Telex from Cuba
Rachel Kushner's ability to take a large difficult subject and make it personal, meaningful and funny appeals to me a lot. In Telex from Cuba the voices of her young protagonists, children looking on as mayhem descends, are vital and honest. This novel is a delicious insight into Cuba pre-Castro revolution; it is a Cuba financially dominated by American companies and their company men, by corrupt officials and a military dictatorship, a Cuba of one-up-manship and power games that ultimately turn in on themselves.

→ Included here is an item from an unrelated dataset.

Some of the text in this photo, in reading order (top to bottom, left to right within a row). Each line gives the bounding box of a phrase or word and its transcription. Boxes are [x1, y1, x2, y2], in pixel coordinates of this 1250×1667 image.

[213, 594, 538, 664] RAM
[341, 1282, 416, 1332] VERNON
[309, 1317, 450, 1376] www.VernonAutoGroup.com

It is also very funny - Kushner sends up the rebels, the Americans and the Cuban businessmen with aplomb, and yet it is also a tragedy on many levels - the son who is disenchanted, who joins the rebels in the jungle but in later years lives an uncomprehendingly conservative life in middle America; the teen who is Cuban-born but American, always looking from the outside, who yearns for what is missing; the girl who sees the injustice but is powerless; the complicated lives of paternalistic overseers who neither belong in their adopted country nor in their native one. The concepts of colonialism (cultural and financial), cheap labour, power struggle, political manipulation, corruption and class are played out convincingly within this novel. Kushner takes Cuba and her array of misfits and gives us a novel lush with description, full of violence and pleasure, and wonderfully absorbing.

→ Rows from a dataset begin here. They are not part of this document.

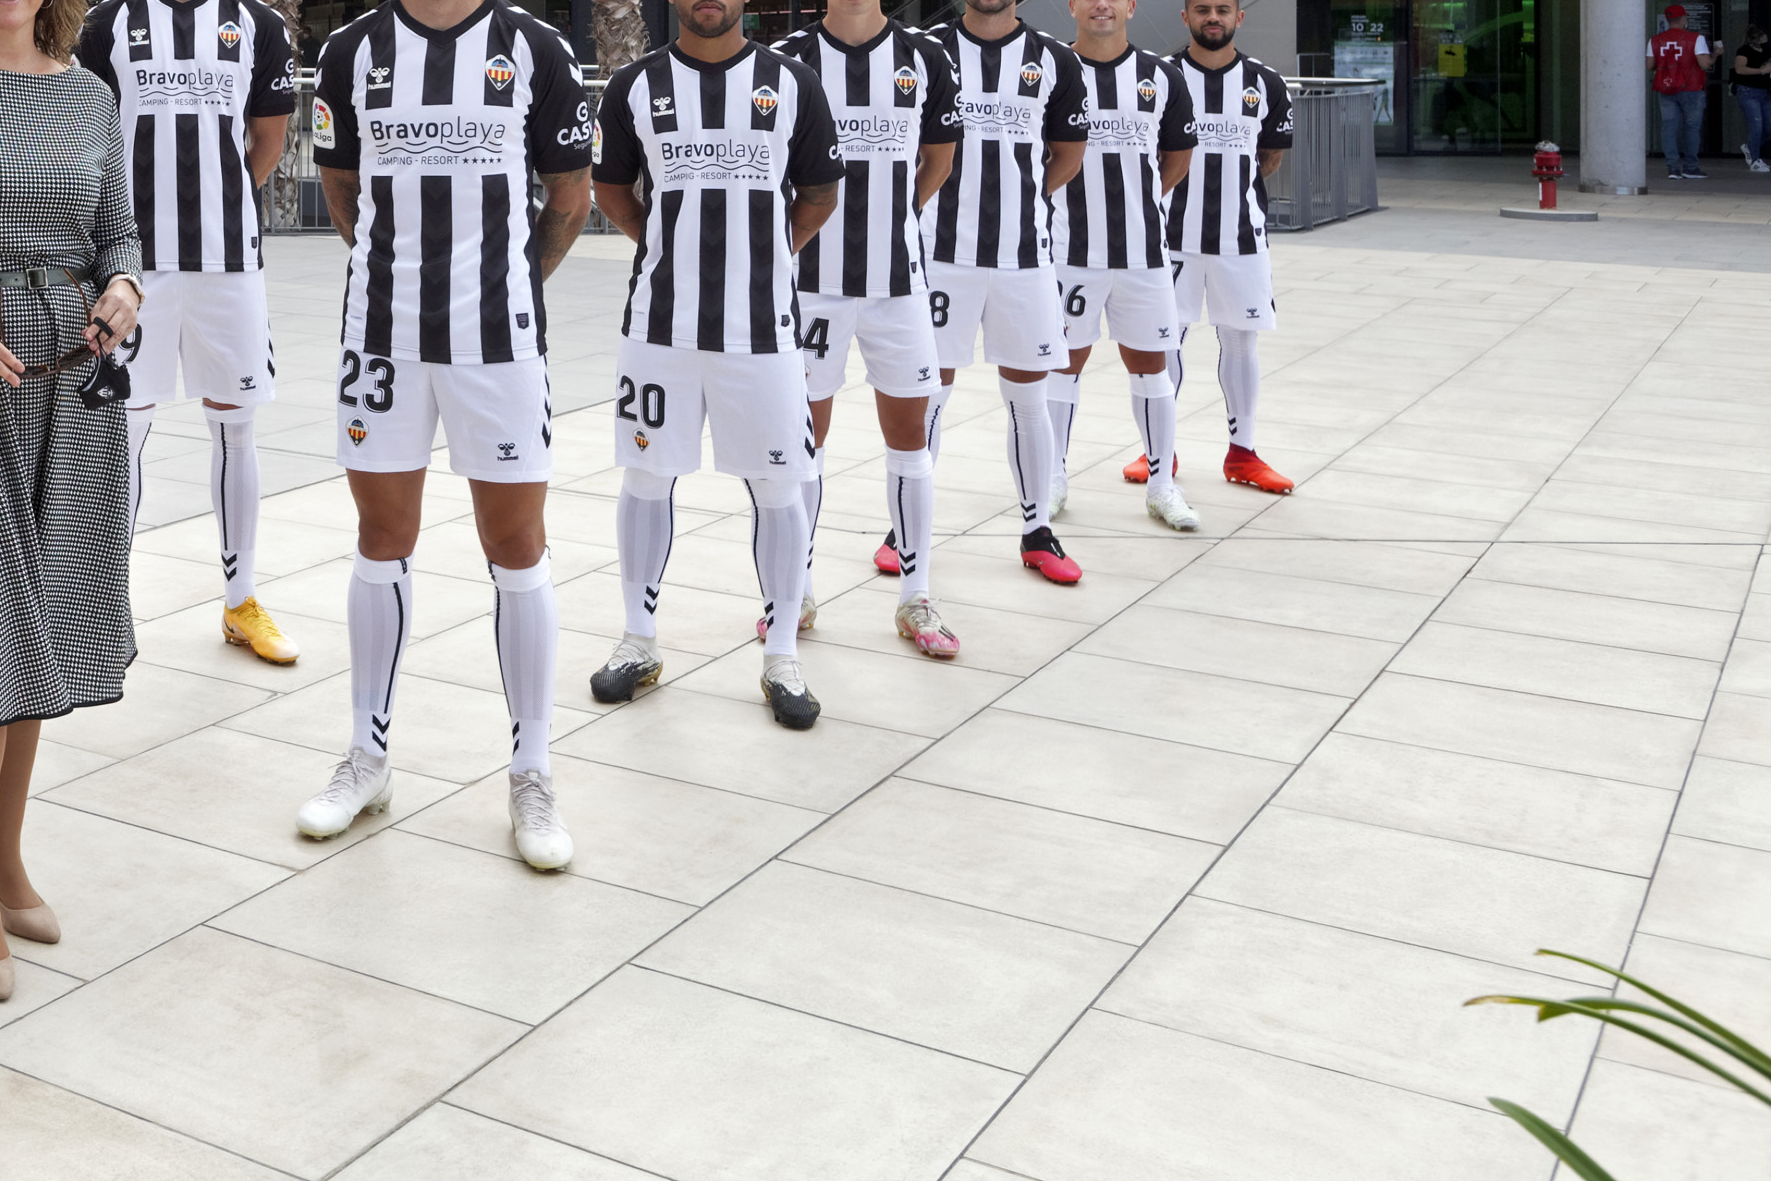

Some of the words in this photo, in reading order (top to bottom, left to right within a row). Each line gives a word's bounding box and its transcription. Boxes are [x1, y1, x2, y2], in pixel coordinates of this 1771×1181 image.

[1351, 22, 1364, 32] 10
[1370, 22, 1384, 32] 22
[136, 68, 234, 91] Bravoplaya
[367, 80, 391, 91] hummel
[174, 97, 203, 106] RESORT
[652, 108, 675, 118] hummel
[370, 115, 506, 145] Bravoplaya
[661, 139, 770, 164] Bravoplaya
[845, 144, 876, 153] RESORT
[377, 155, 413, 166] CAMPING
[420, 155, 460, 166] RESORT
[700, 171, 732, 180] RESORT
[338, 349, 397, 413] 23
[616, 375, 666, 429] 20
[496, 454, 519, 463] hummel

This is a New York Times bestseller. It is the finalist for the National Book Award in Fiction. Fidel and Raul Castro are in the hills, descending only to burn sugarcane plantations and recruit rebels. Rachel K is in Havana's Cabaret Tokio, entangled with a French agitator trying to escape his shameful past. Everly and K.C. are growing up in the dying days of a crumbling US colony, about to discover the cruelty and violence that have created their childhood idyll.
Rachel Kushner's New York Times bestselling debut novel is a tour de force set in Cuba on the cusp of Castro's revolution, a time of colonial privilege, tropical rot, excess and rebellion.

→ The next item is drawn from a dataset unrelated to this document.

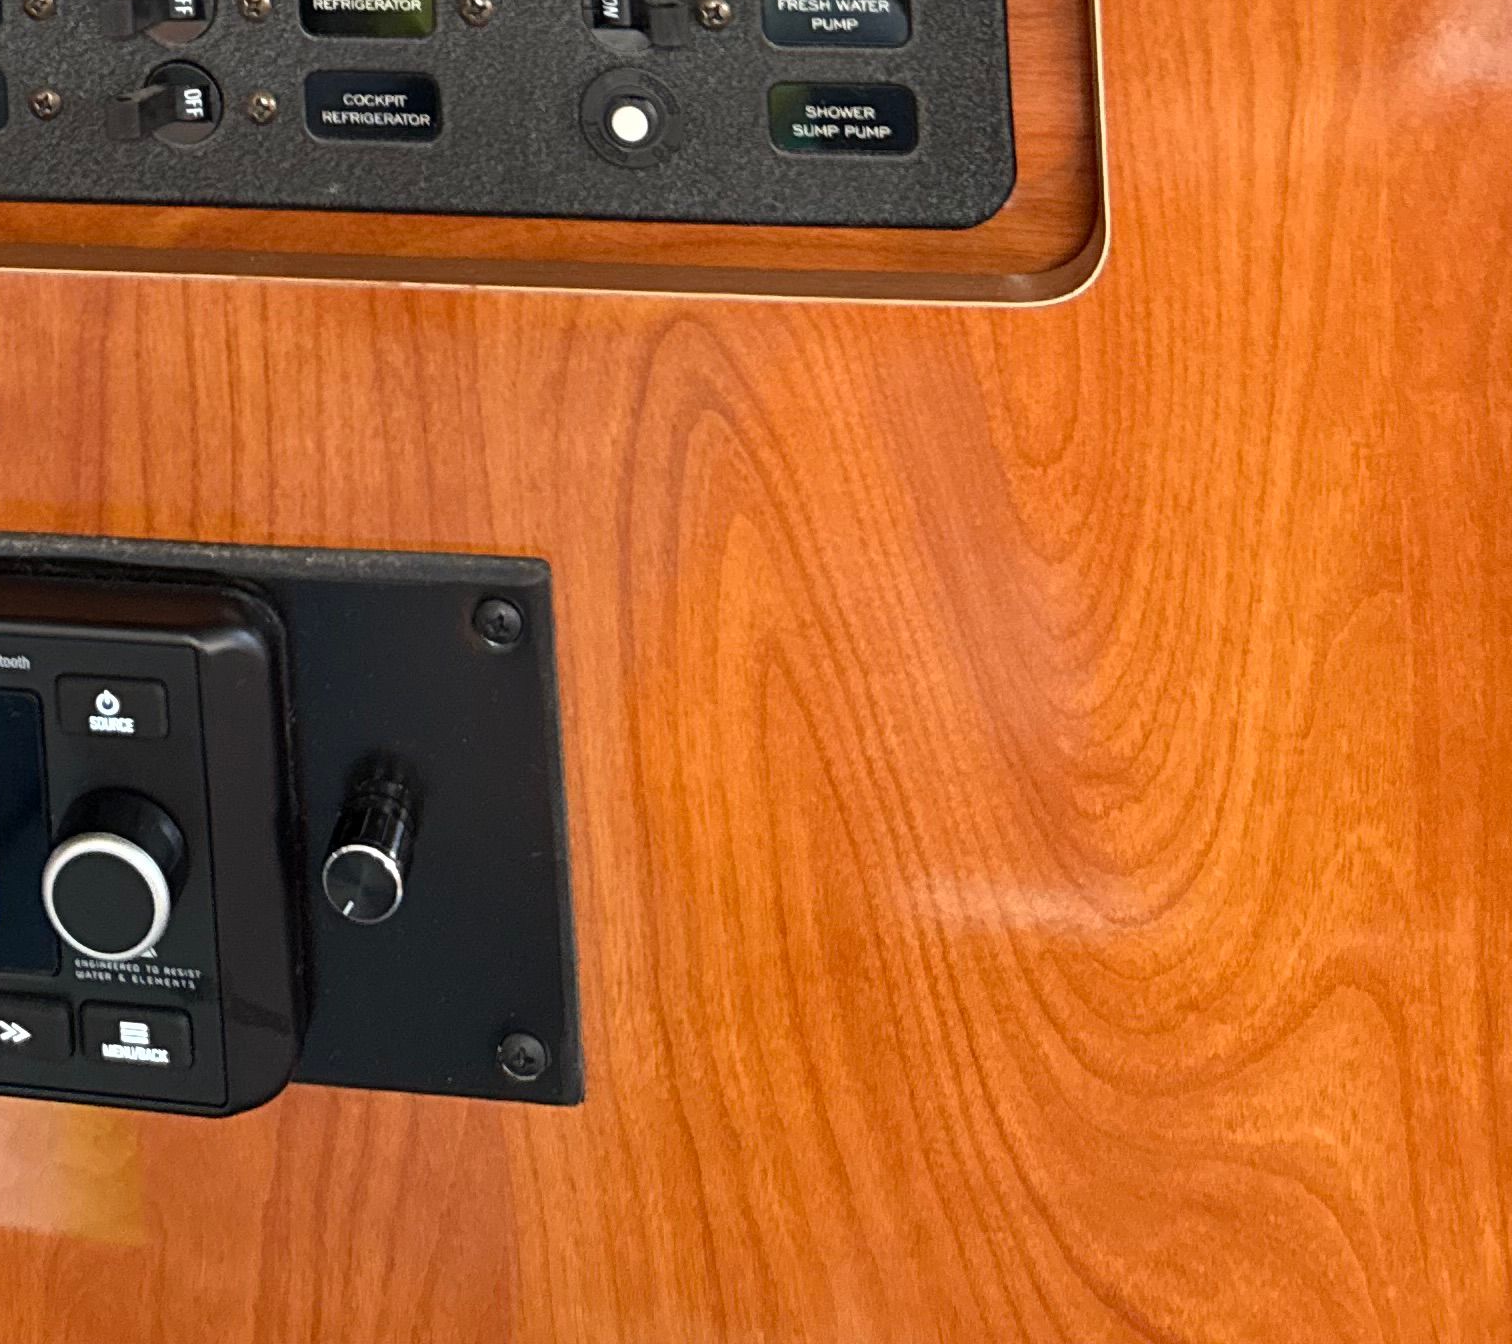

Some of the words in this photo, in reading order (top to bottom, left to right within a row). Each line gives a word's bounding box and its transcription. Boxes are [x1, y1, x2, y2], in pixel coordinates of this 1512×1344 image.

"A lush, meticulous, cinematic debut novel" Elle "A pure treat from the cover to the very last page" Washington Post "Mutli-layered and absorbing... Kushner's style is sure and sharp, studded with illuminating images... Kushner has fashioned a story that will linger like a whiff of decadent Colony perfume" New York Times Book Review "Fresh and compelling. Kushner takes us to a place and time we've seldom visited before" San Francisco Chronicle "A stunner of a novel... A fluid, eye-opening symphony of a book" Seattle Times
Rachel Kushner's second novel, The Flamethrowers was a finalist for the 2013 National Book Award and was one of the New York Times Top Ten books of 2013. Named Time's Most Popular Book among Critics, The Flamethrowers topped the Best Book lists of 2013, including those of Time, Vogue, Oprah, Slate, the Guardian, the New Yorker, the Observer, The Times, the Telegraph, the Financial Times, the Scotsman, the Herald and the Evening Standard. New York magazine declared it the number one book of 2013. Kushner's New York Times best-selling debut novel, Telex From Cuba, was a finalist for the 2008 National Book Award and the Dayton Literary Peace Prize, winner of the California Book Award, and a New York Times Notable Book. Kushner is the only writer ever nominated for a National Book Award for both a first and second novel. Her fiction and essays have appeared in The New York Times, the Guardian, the Financial Times, The Paris Review, and Artforum. She is the recipient of a 2013 Guggenheim Fellowship.